---- Exercise inputs

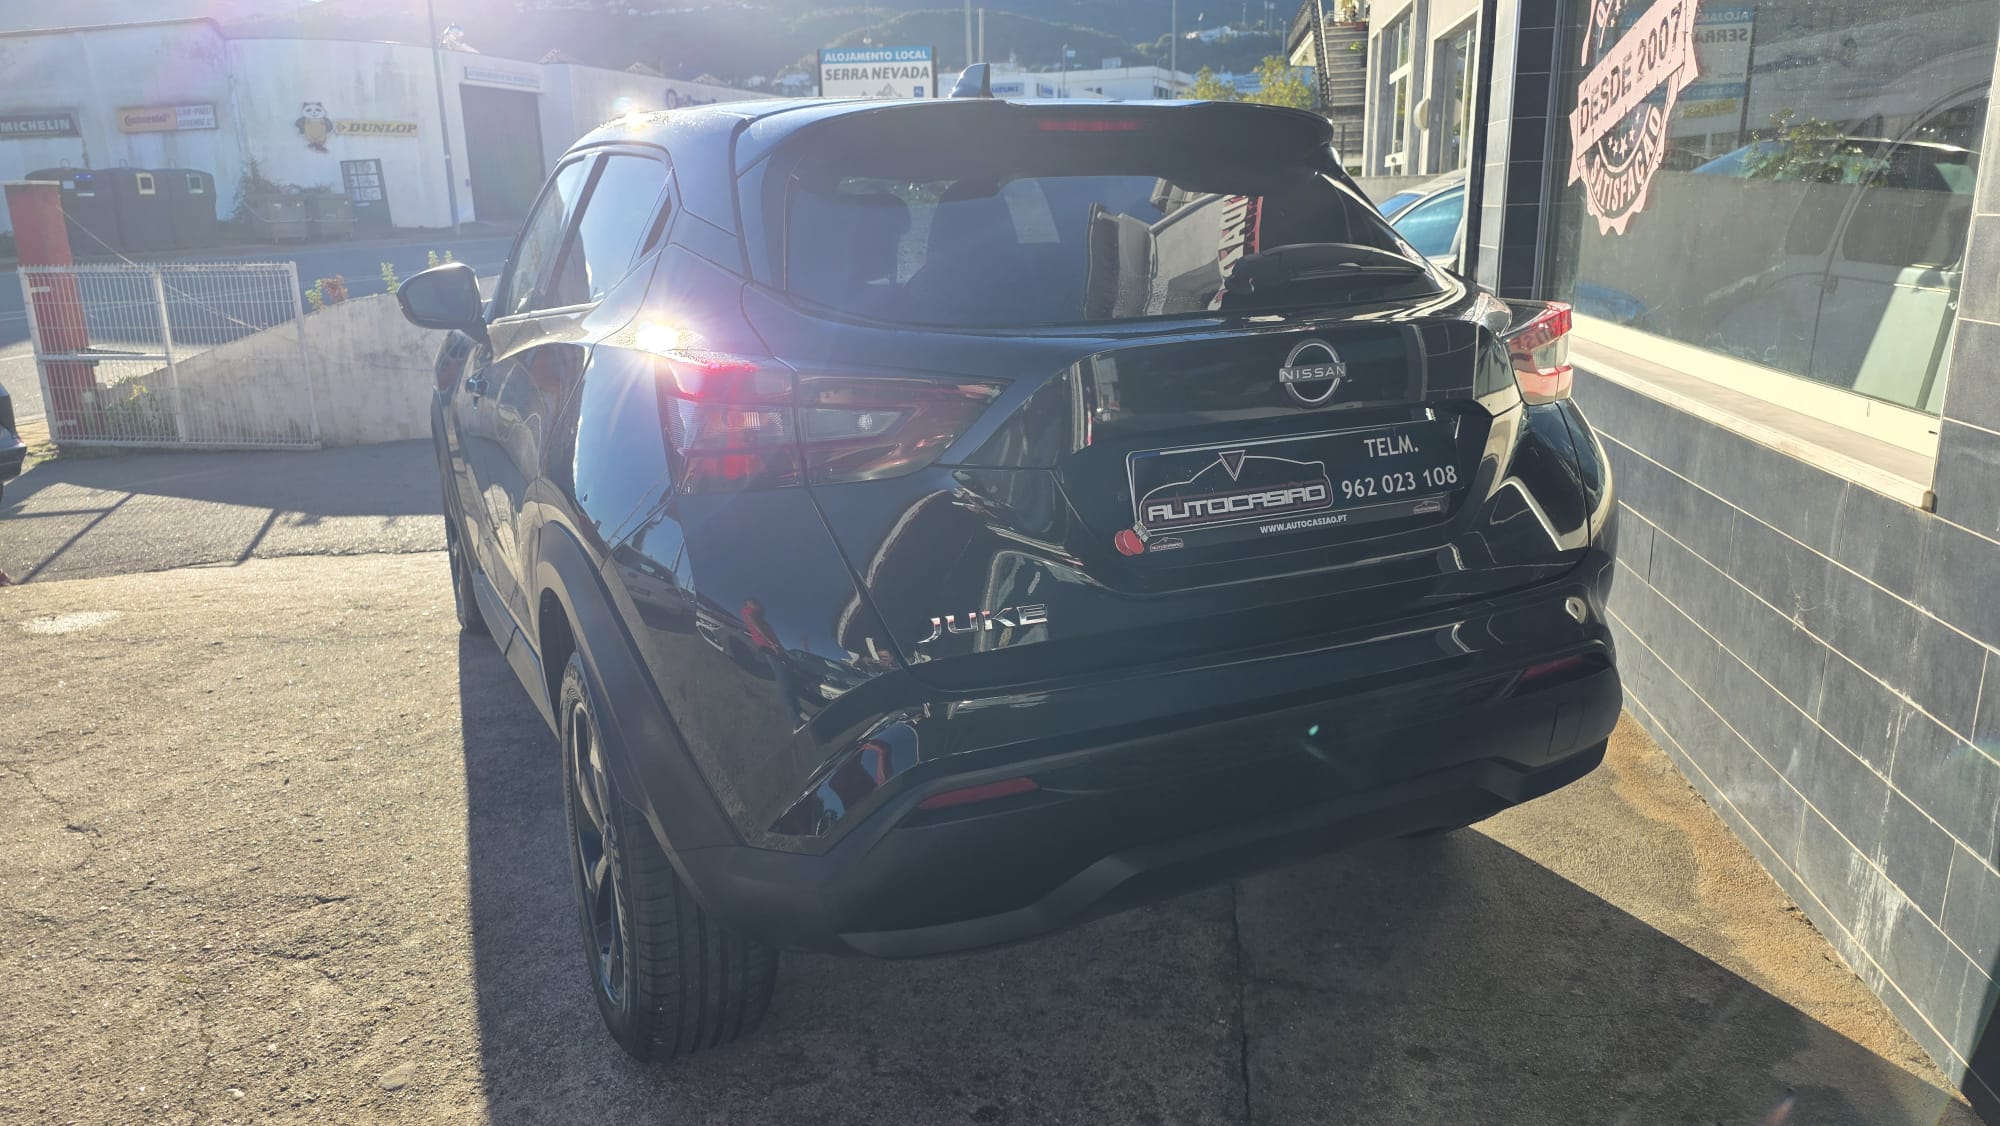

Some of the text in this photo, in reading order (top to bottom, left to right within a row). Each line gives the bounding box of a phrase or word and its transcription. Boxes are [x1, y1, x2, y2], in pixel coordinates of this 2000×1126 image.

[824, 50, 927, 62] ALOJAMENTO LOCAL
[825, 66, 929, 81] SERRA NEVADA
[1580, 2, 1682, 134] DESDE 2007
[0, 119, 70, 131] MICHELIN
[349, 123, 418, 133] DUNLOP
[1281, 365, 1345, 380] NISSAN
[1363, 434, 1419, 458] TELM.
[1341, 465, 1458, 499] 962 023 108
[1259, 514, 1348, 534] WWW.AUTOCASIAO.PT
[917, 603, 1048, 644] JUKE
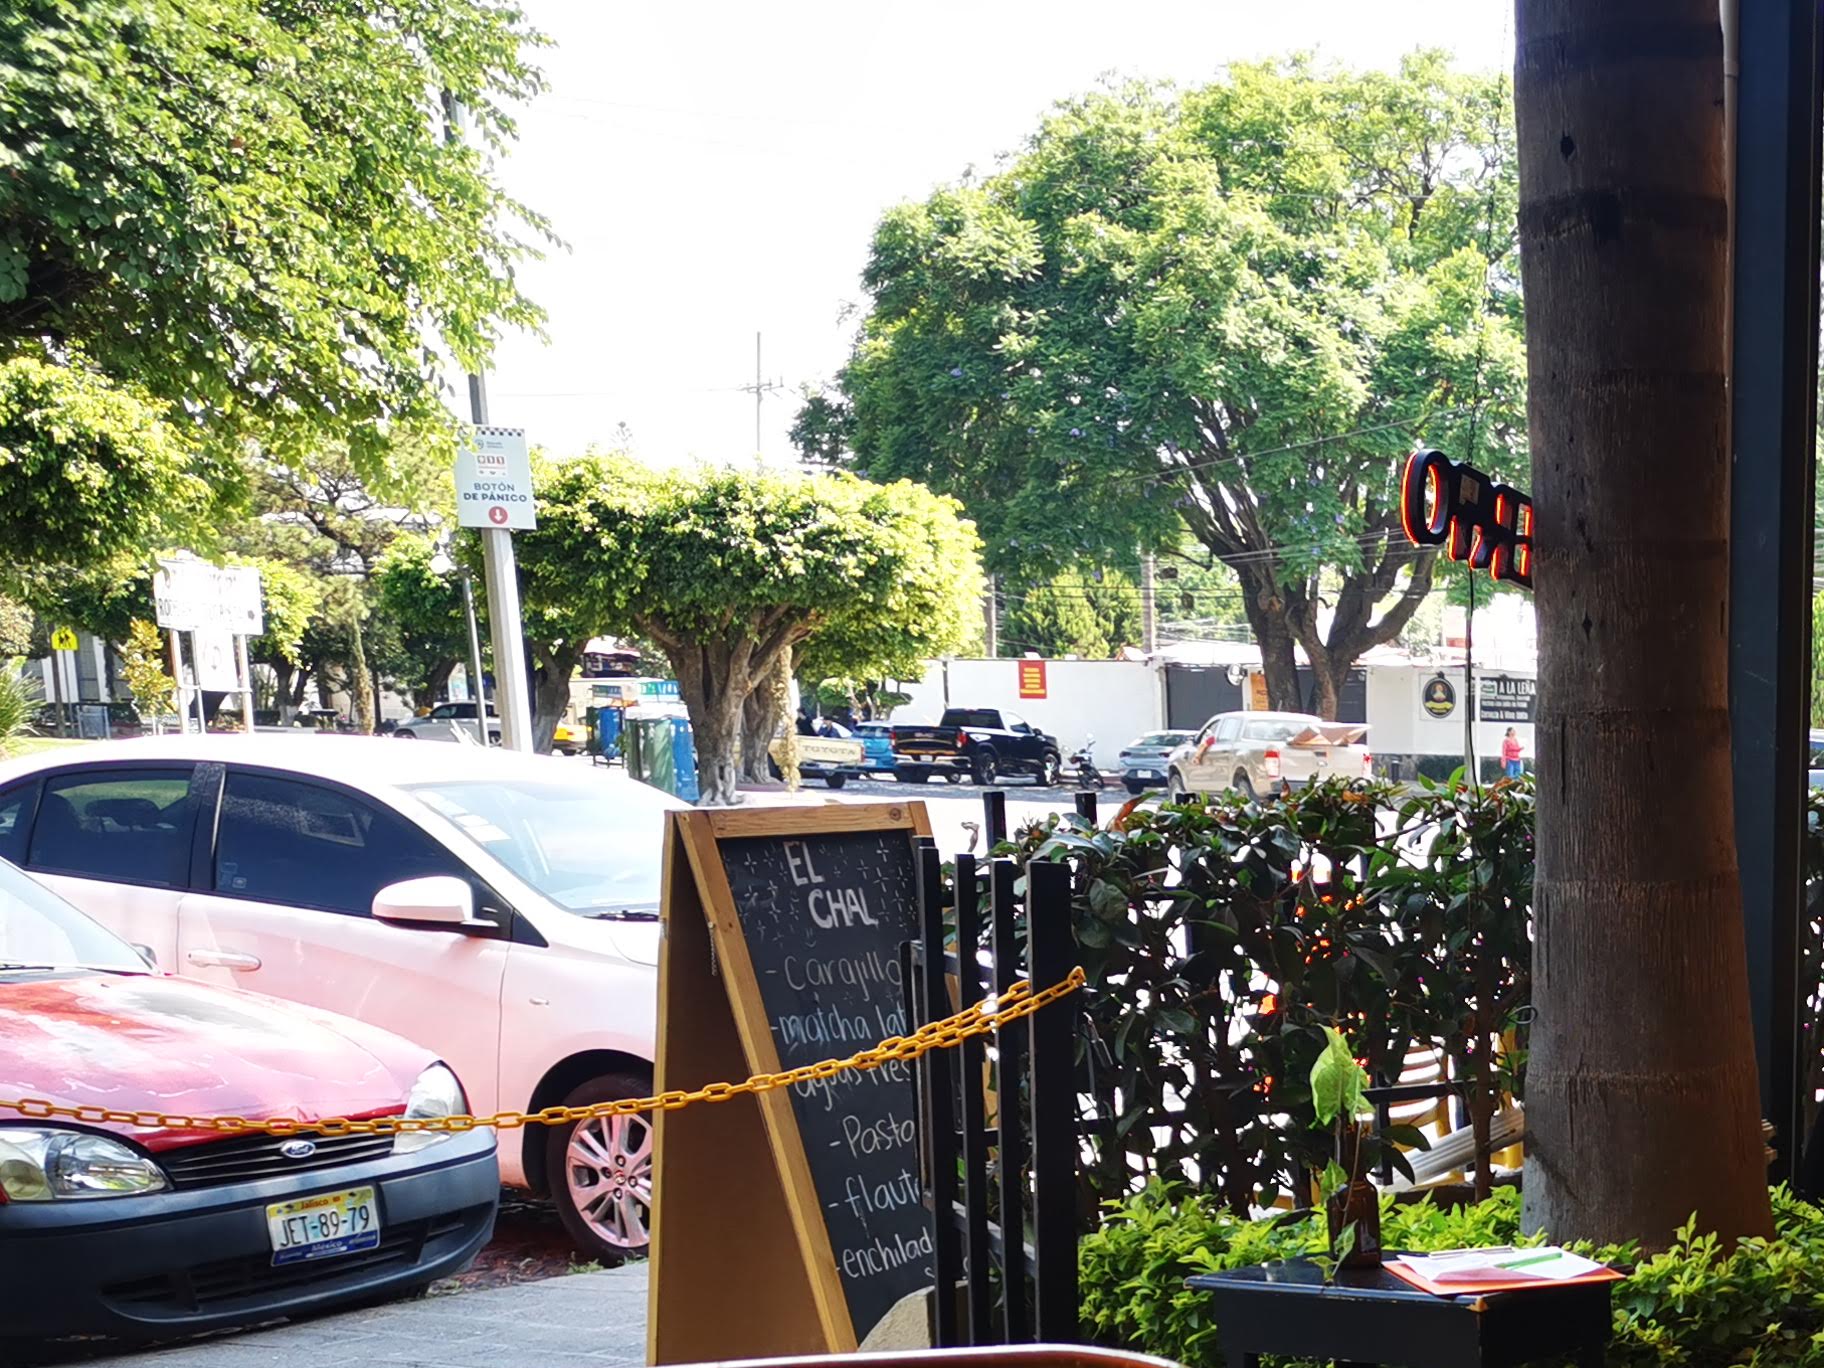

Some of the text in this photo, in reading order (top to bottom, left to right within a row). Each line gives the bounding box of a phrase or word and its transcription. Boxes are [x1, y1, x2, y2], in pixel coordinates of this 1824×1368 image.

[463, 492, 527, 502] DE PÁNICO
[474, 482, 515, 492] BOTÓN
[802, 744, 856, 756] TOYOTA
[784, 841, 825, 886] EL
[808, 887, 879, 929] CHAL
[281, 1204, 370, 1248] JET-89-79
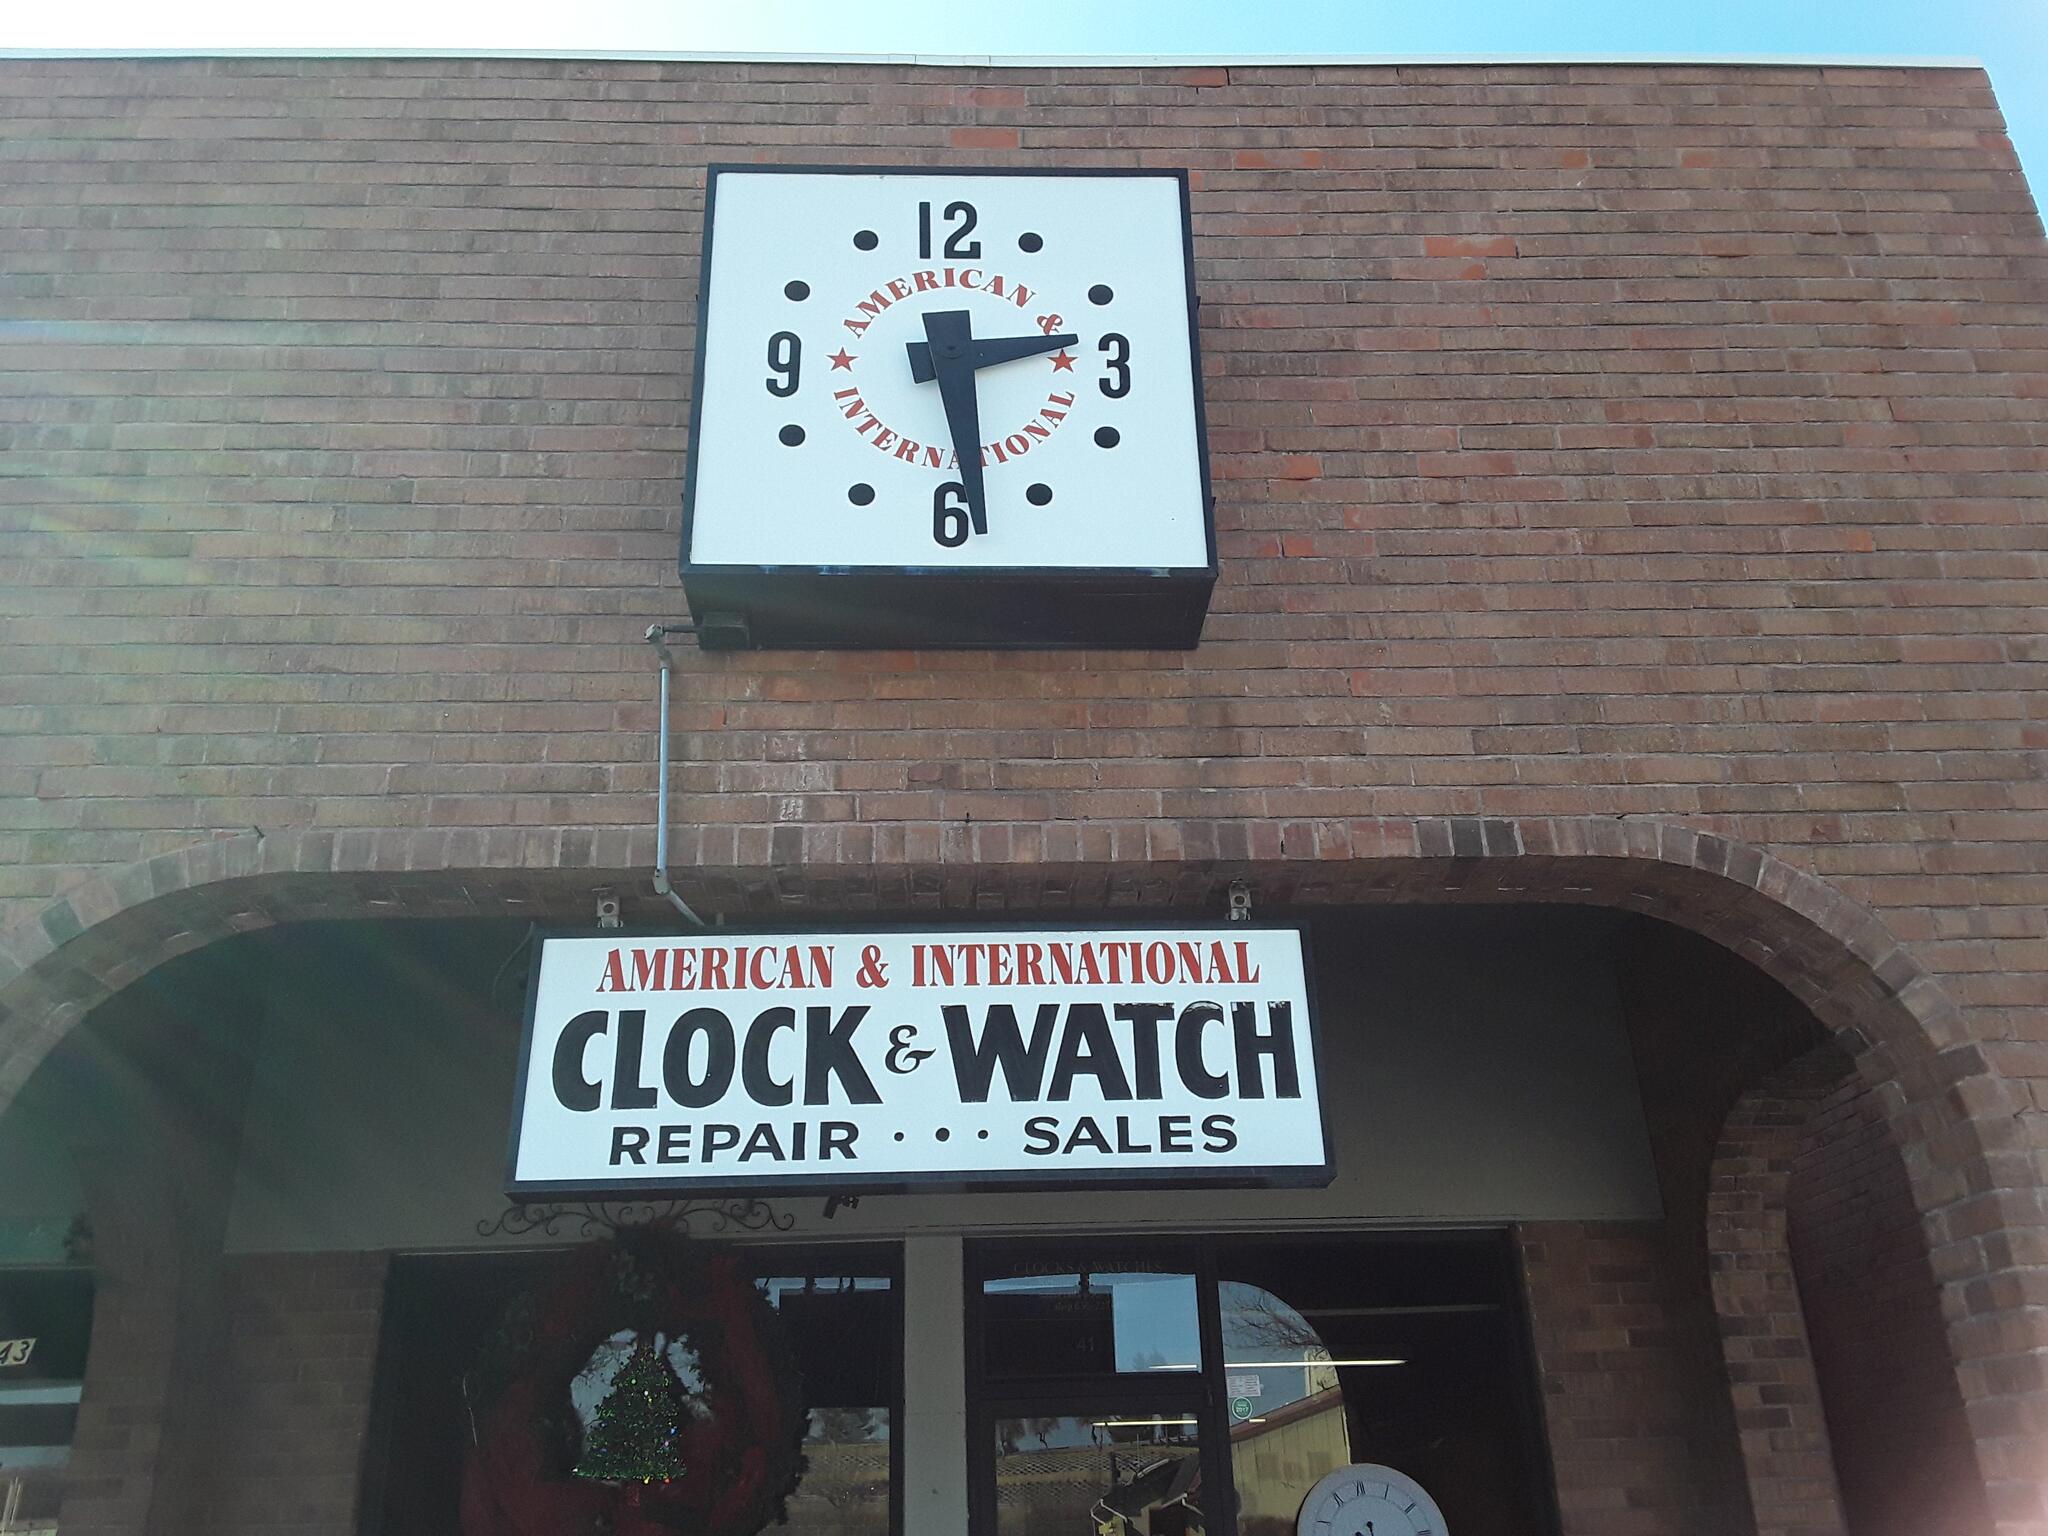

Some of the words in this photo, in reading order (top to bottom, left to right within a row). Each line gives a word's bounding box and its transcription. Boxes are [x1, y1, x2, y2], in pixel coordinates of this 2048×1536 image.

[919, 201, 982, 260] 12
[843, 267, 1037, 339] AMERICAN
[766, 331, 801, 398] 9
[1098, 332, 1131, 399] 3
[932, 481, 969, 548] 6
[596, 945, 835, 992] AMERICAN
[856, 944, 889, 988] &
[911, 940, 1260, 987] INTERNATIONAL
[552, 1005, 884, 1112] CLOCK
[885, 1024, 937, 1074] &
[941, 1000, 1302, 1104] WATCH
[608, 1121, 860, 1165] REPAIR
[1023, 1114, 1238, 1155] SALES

--------

▶ _Task item_
The entries above must be restated exactly in the answer, and the pictures left out.

▶ _Task solution_
Some of the text in this photo, in reading order (top to bottom, left to right within a row). Each line gives the bounding box of a phrase or word and its transcription. Boxes are [x1, y1, x2, y2], in pixel coordinates of this 2000×1126 image.

[824, 50, 927, 62] ALOJAMENTO LOCAL
[825, 66, 929, 81] SERRA NEVADA
[1580, 2, 1682, 134] DESDE 2007
[0, 119, 70, 131] MICHELIN
[349, 123, 418, 133] DUNLOP
[1281, 365, 1345, 380] NISSAN
[1363, 434, 1419, 458] TELM.
[1341, 465, 1458, 499] 962 023 108
[1259, 514, 1348, 534] WWW.AUTOCASIAO.PT
[917, 603, 1048, 644] JUKE

Some of the text in this photo, in reading order (top to bottom, left to right within a row). Each line gives the bounding box of a phrase or word and its transcription. Boxes are [x1, y1, x2, y2], in pixel coordinates of this 1824×1368 image.

[463, 492, 527, 502] DE PÁNICO
[474, 482, 515, 492] BOTÓN
[802, 744, 856, 756] TOYOTA
[784, 841, 825, 886] EL
[808, 887, 879, 929] CHAL
[281, 1204, 370, 1248] JET-89-79

Some of the words in this photo, in reading order (top to bottom, left to right within a row). Each line gives a word's bounding box and its transcription. Boxes are [x1, y1, x2, y2], in pixel coordinates of this 2048×1536 image.

[919, 201, 982, 260] 12
[843, 267, 1037, 339] AMERICAN
[766, 331, 801, 398] 9
[1098, 332, 1131, 399] 3
[932, 481, 969, 548] 6
[596, 945, 835, 992] AMERICAN
[856, 944, 889, 988] &
[911, 940, 1260, 987] INTERNATIONAL
[552, 1005, 884, 1112] CLOCK
[885, 1024, 937, 1074] &
[941, 1000, 1302, 1104] WATCH
[608, 1121, 860, 1165] REPAIR
[1023, 1114, 1238, 1155] SALES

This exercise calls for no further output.